With the losses adding up, Mexico turned to recent standby General Antonio Lopez Delaware Santa Ana, the strong man who had been living in exile in Cuba. Santa Ana convinced President Polk that, if allowed to come back to United Mexican States, he would finish the war on terms that would be considered favorable to the us. However, once he arrived, he straight off double-crossed President Polk by taking management of the Mexican army and leading it into battle. At the Battle of Buena Vista in February 1847, Santa Ana suffered serious casualties and was forced to withdraw. Despite the loss, he assumed the Mexican presidency the next
At that time, only about 75,000 Mexican citizens lived north of the Rio Grande. As a result, U.S. forces led by Stephen W. Kearny and Robert F. Stockton were able to conquer those lands. Taylor advancing, and captured Monterrey in September. With the losses adding up, Mexico turned to old standby General Antonio López de Santa Anna, the strongman who had been living in exile in Cuba. Santa Anna convinced Polk that, if allowed to return to Mexico, he would end the war on terms positive to the United States.

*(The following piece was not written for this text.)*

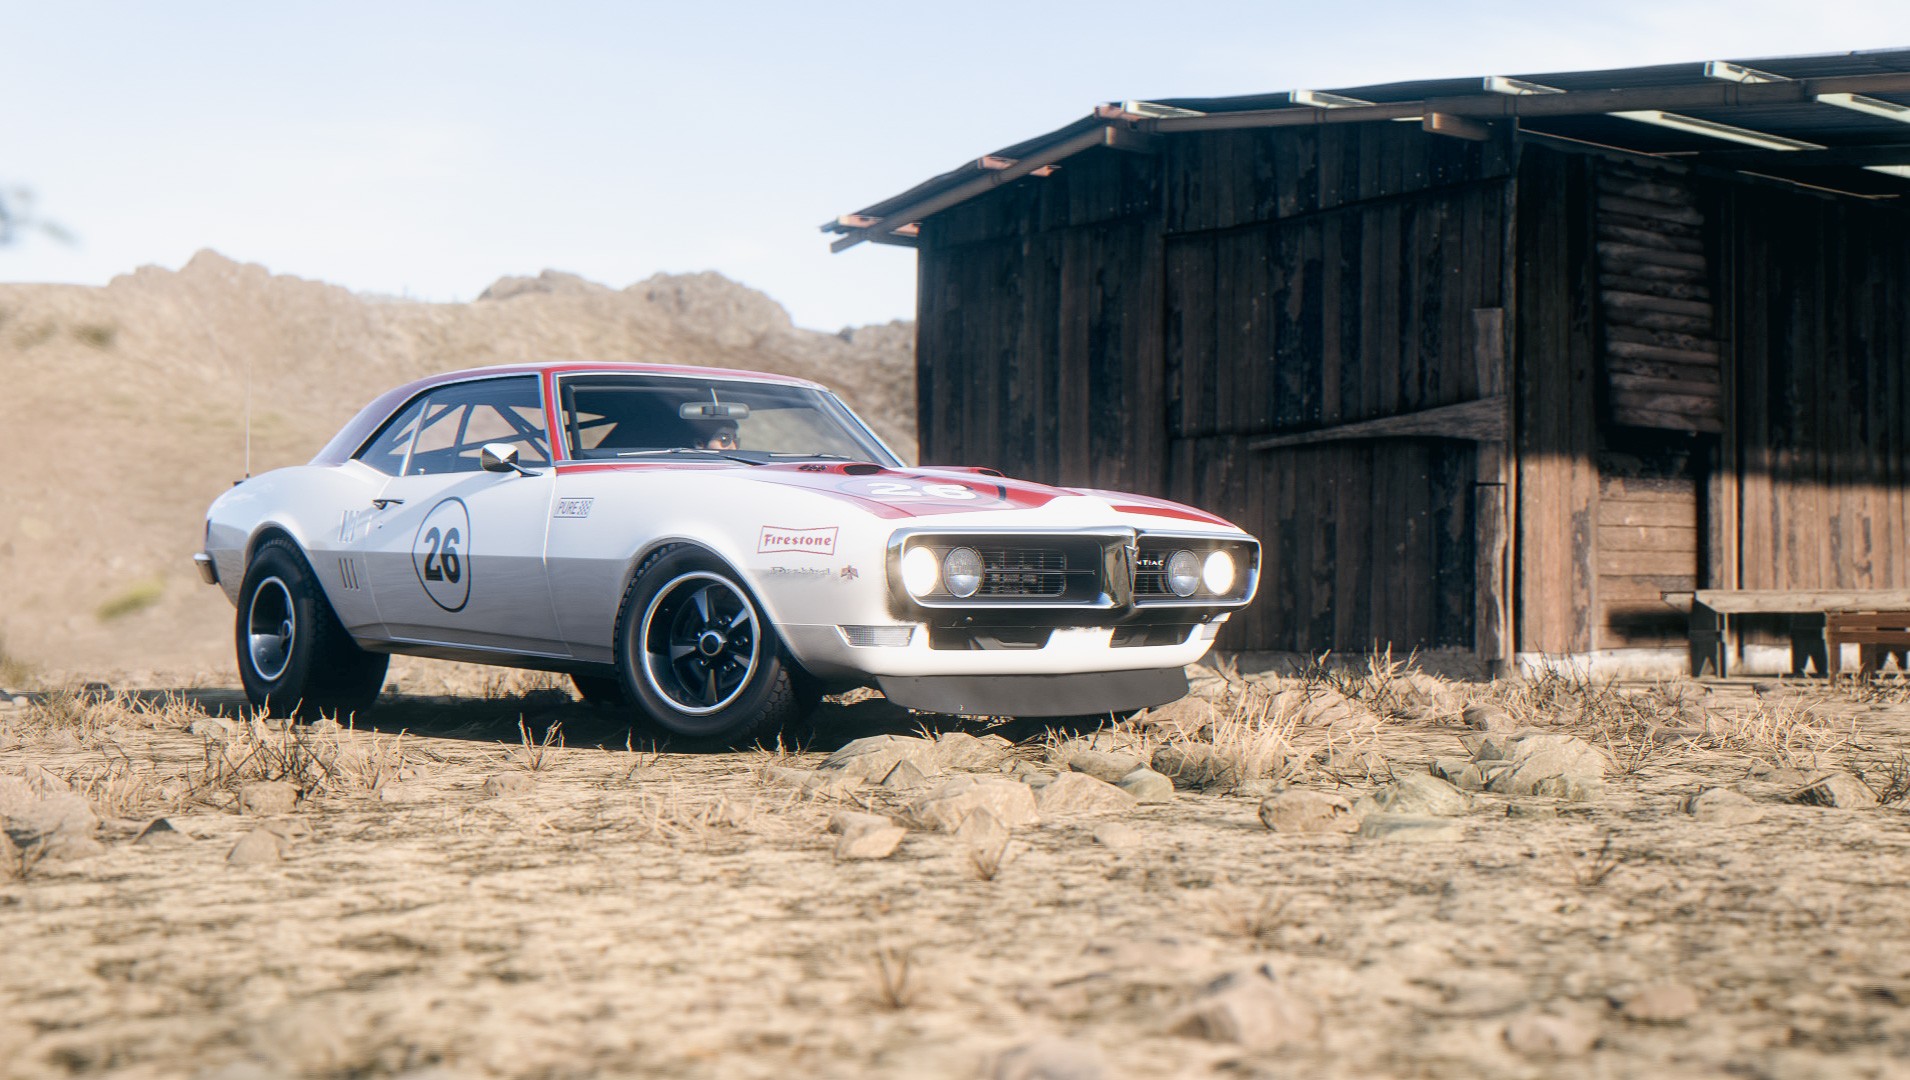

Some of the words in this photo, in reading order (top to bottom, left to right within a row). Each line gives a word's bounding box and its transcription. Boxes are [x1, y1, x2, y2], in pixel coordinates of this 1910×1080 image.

[867, 482, 977, 500] 26
[764, 533, 832, 546] Firestone
[424, 526, 461, 584] 26

Many people believed that Mexico invaded the United States and caused the U.S Mexico war; however, it was actually United States who raided Mexico first. The author, Rodolfo Acuna, purpose of writing “Occupied America: A History of Chicanos” was too informed of how the United States came to invade Mexico which led to the U.S Mexico War. Such as how the U.S President Polk, who played a huge role in the U.S Mexico war. Other events include the Anglo Settlements in Texas who brought their slaves, Texas War of Independence, and the terms of Treaty of Guadalupe Hidalgo. All these events are what led up the U.S Mexico War.
The natives here “attacked with abandon” and after a “bloody contest, Cortes took the city by force (Deeds, Meyer, and Sherman, 78).” The Spaniards later traveled to the near present city of Veracruz, where Cortes first reciprocated messages to Aztec ruler Moctezuma (Deeds, Meyer, and Sherman, 81). After being invited by Moctezuma, Cortes and his men decided to make the 200 miles journey to Tenochtitlan (Deeds, Meyer, and Sherman, 81). Along the way he gained allied, including the Cempoalans and the Tlaxcalans ,whom were native rivals of the Aztec empire (Deeds, Meyer, and Sherman, 82-83). On November 8, 1519, the Spaniards finally arrived in the city and were stared at in awe by the natives as they finally met Moctezuma (Deeds, Meyer, and Sherman, 85). After exploring the city, Spanish forces slowly began to take control of the city.

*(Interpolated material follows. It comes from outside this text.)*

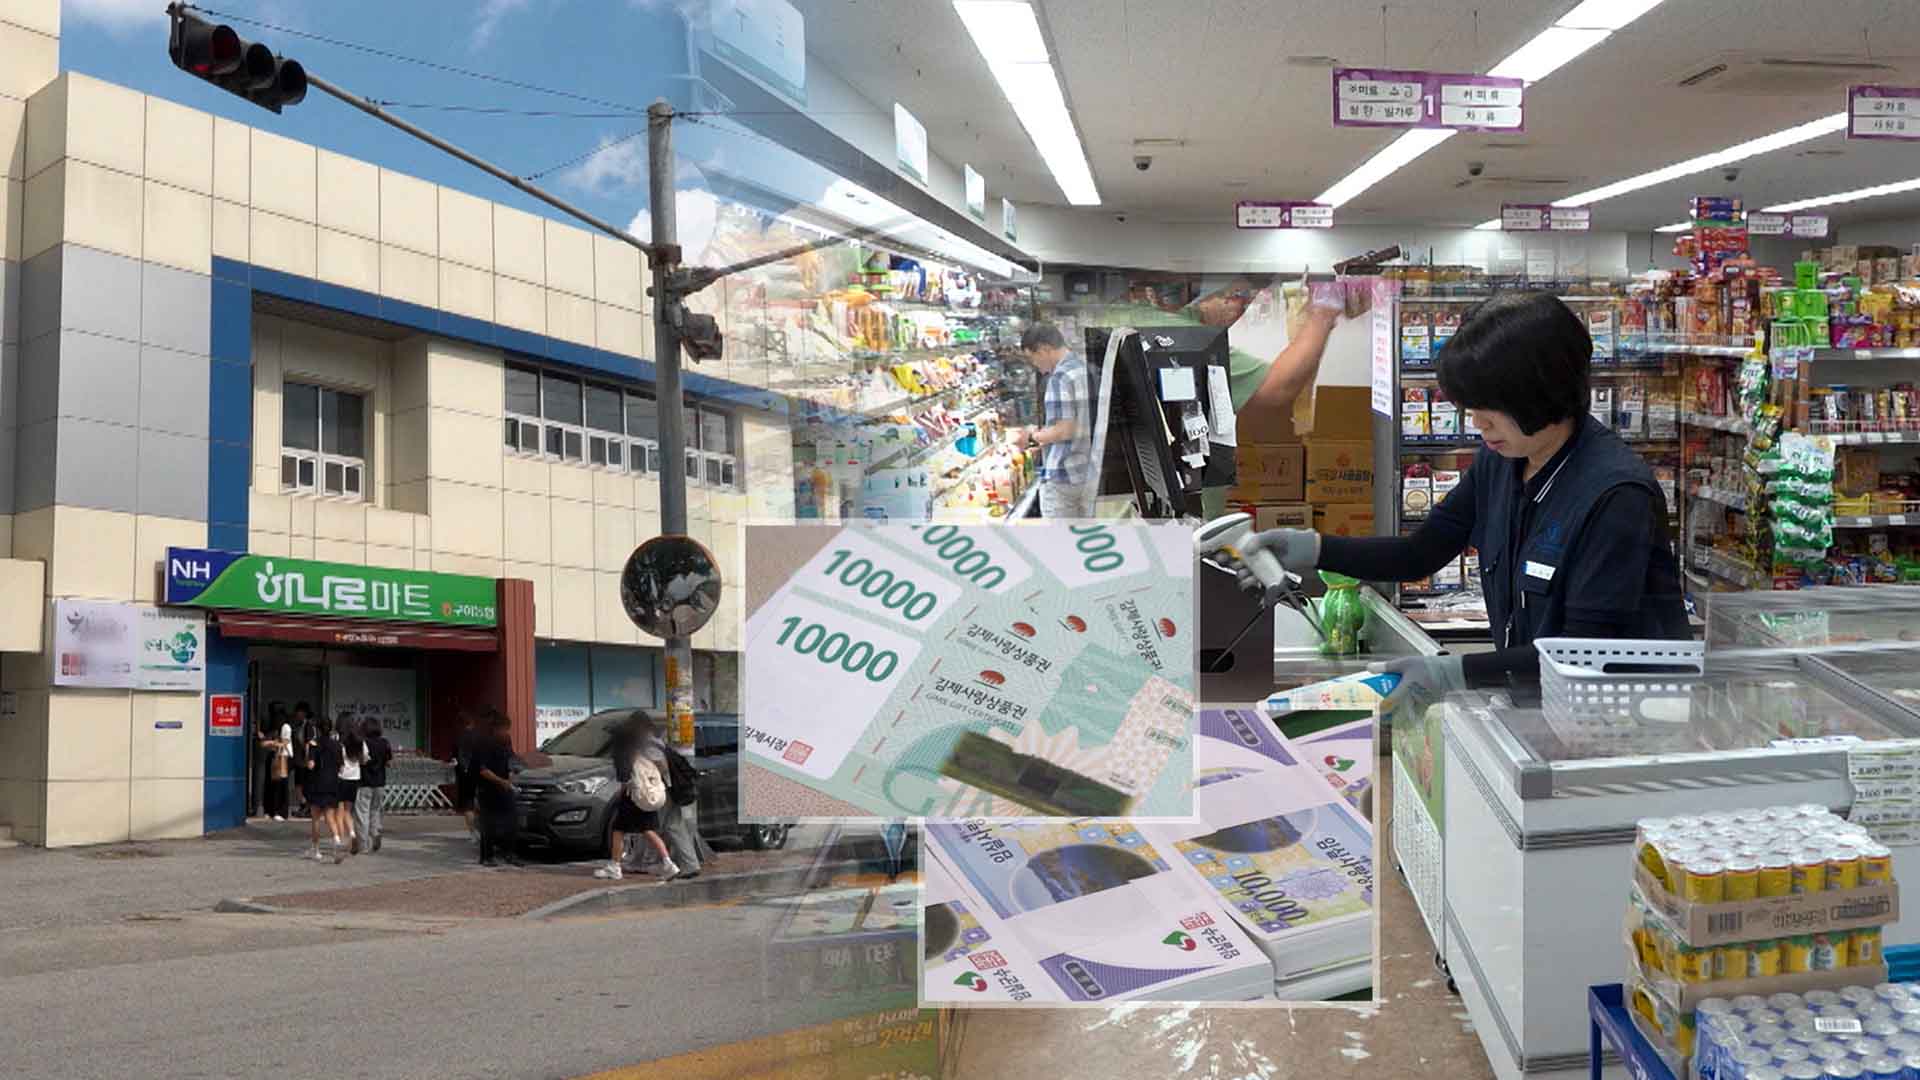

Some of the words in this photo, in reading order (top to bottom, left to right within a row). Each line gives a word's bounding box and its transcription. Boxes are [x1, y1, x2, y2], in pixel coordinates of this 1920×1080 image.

Not surprisingly powerful people and governments still try to dictate where people can and cannot settle. This is evident in the case of the Texas Mexico border. After the United States acquired a large swath of land from France in the Louisiana Purchase, the Mexican government encouraged thousands of citizens to settle in north Mexico. The thinking was that this would create a buffer zone in the event that the United States would try to settle in the region. However, this backfired as the settlers, in what is now Texas, declared independence in 1836.

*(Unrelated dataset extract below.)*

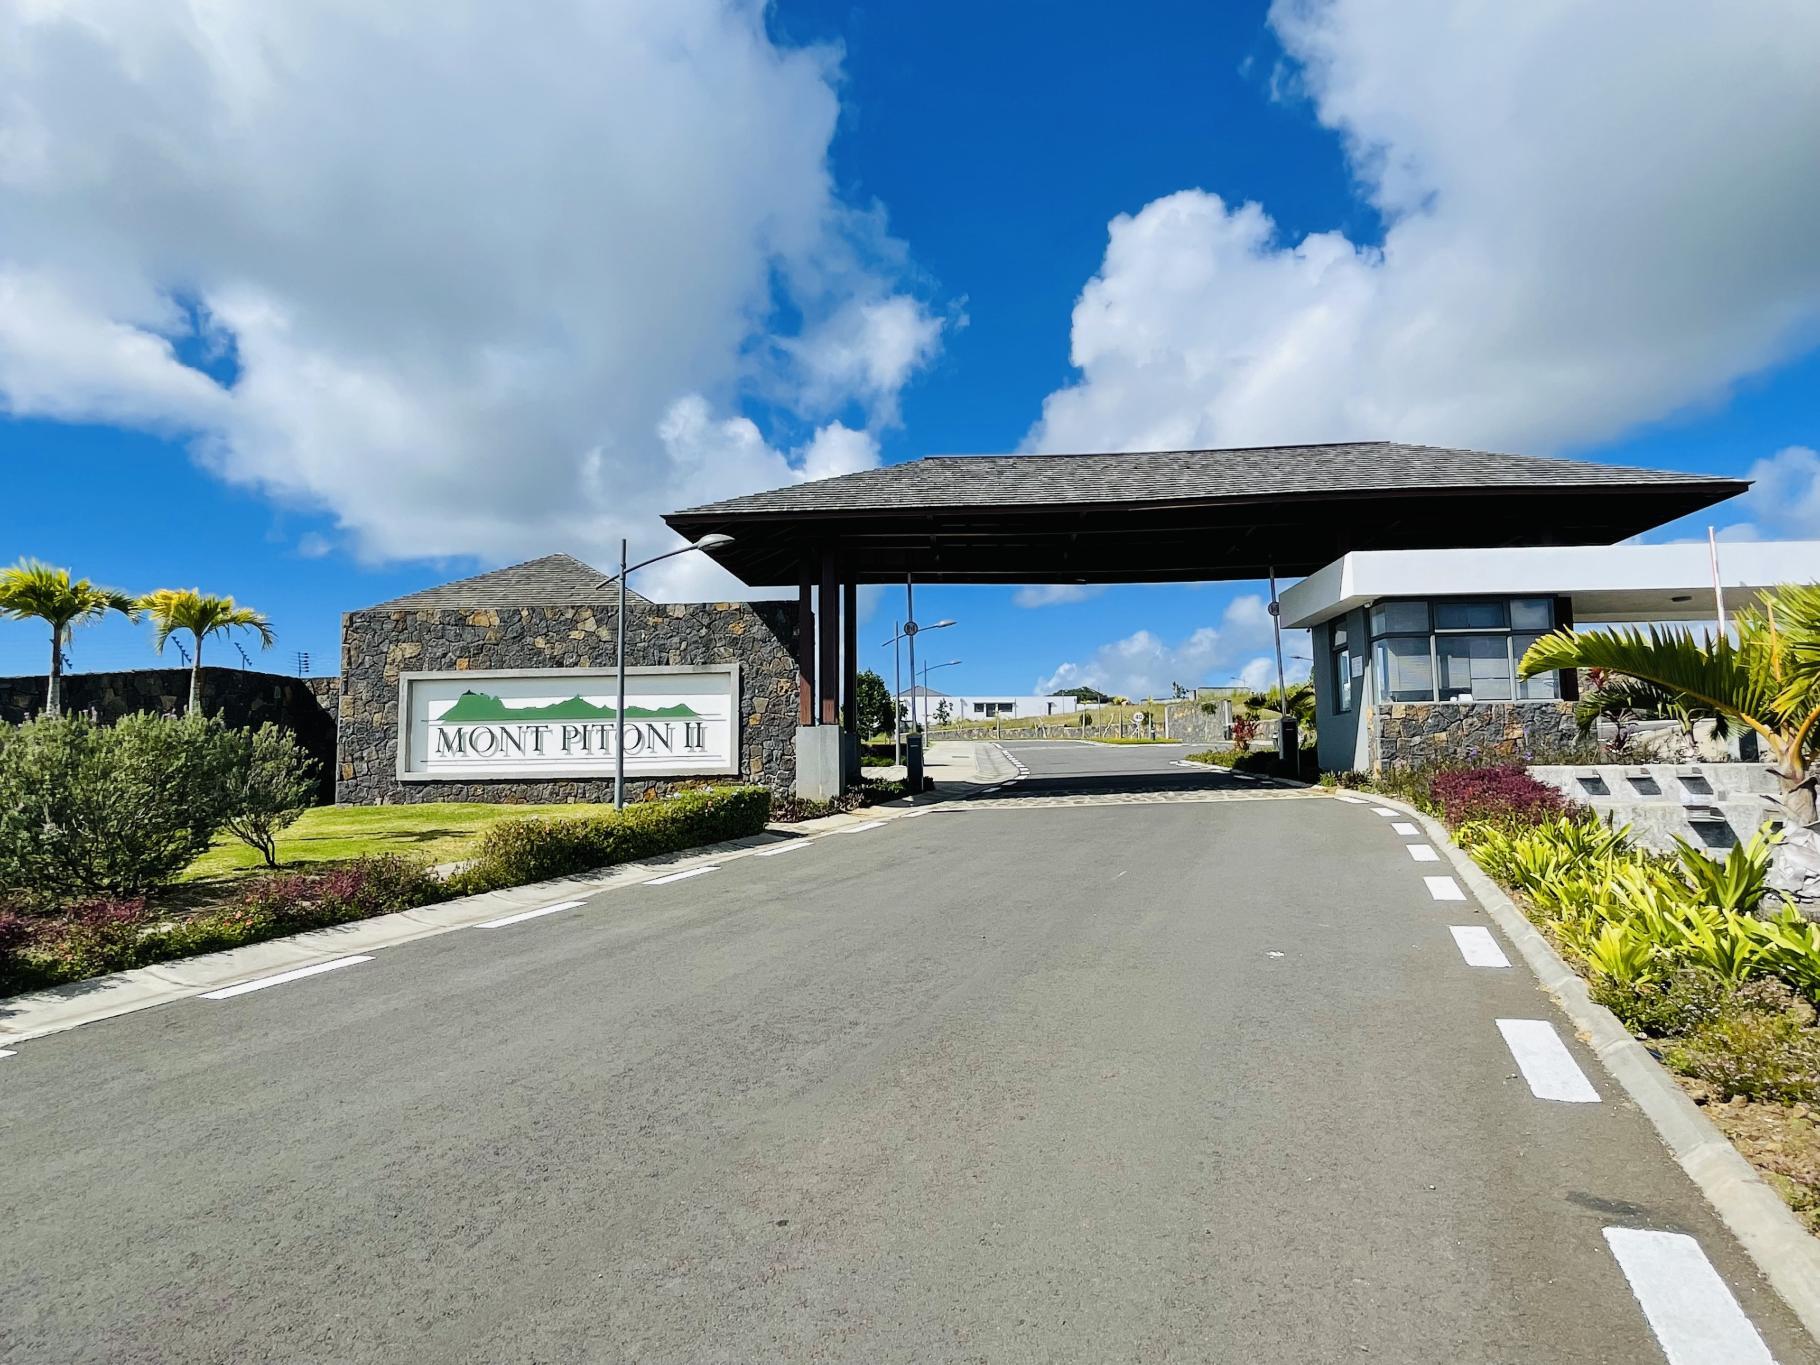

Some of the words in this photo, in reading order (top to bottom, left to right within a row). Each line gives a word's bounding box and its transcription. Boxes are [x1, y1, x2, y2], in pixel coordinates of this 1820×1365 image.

[435, 725, 549, 753] MONT
[560, 723, 674, 751] PITON
[684, 721, 703, 748] II

“In 1846 the United States went to war with Mexico” (Overview) know one really knows about this war because it was not as big as the Civil War was. In 1821 Mexico had just gotten their independence for Spain and when Mexico was free it made the county very large. “ It stretched from Guatemala to Oregon and was equal to the United States”(Background Essay). Mexico was very nice to the United States and let American farmers settle in the Mexican part of Texas. Was the United States justified in going to war with Mexico?